═════ Dataset extract ═════

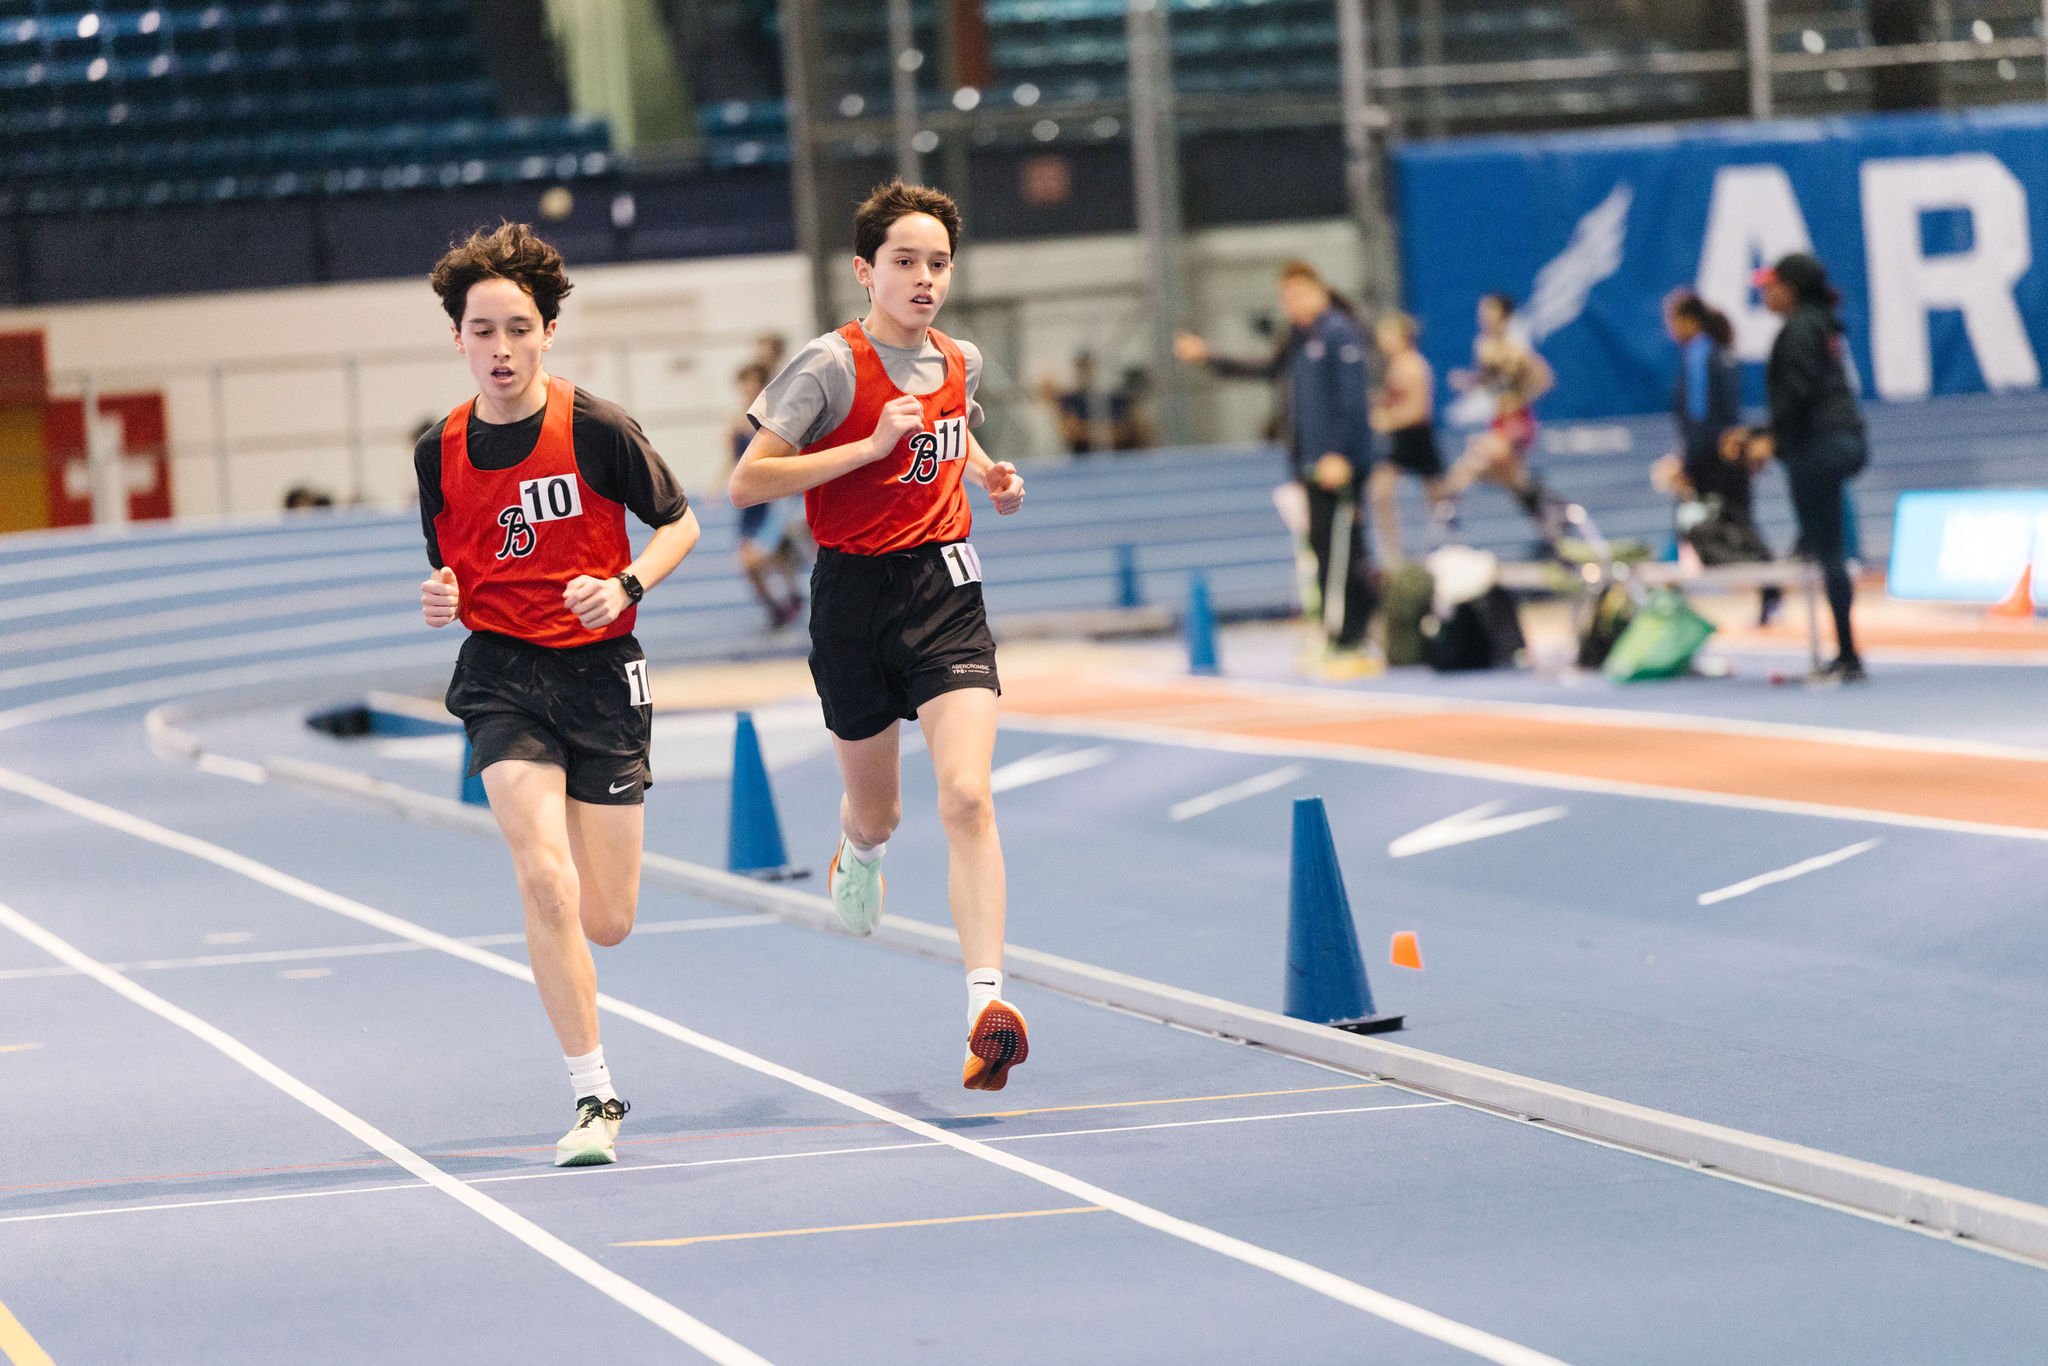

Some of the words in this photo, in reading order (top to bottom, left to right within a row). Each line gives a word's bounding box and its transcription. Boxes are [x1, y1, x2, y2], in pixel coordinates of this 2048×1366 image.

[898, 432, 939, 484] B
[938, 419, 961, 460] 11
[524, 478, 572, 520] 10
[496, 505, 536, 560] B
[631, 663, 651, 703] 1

═════

* _Work to be completed_
Drop every picture, then write out the remaining entries above exactly as they appear.

* _Exercise solution_
Some of the words in this photo, in reading order (top to bottom, left to right within a row). Each line gives a word's bounding box and its transcription. Boxes are [x1, y1, x2, y2], in pixel coordinates of this 2048×1366 image.

[898, 432, 939, 484] B
[938, 419, 961, 460] 11
[524, 478, 572, 520] 10
[496, 505, 536, 560] B
[631, 663, 651, 703] 1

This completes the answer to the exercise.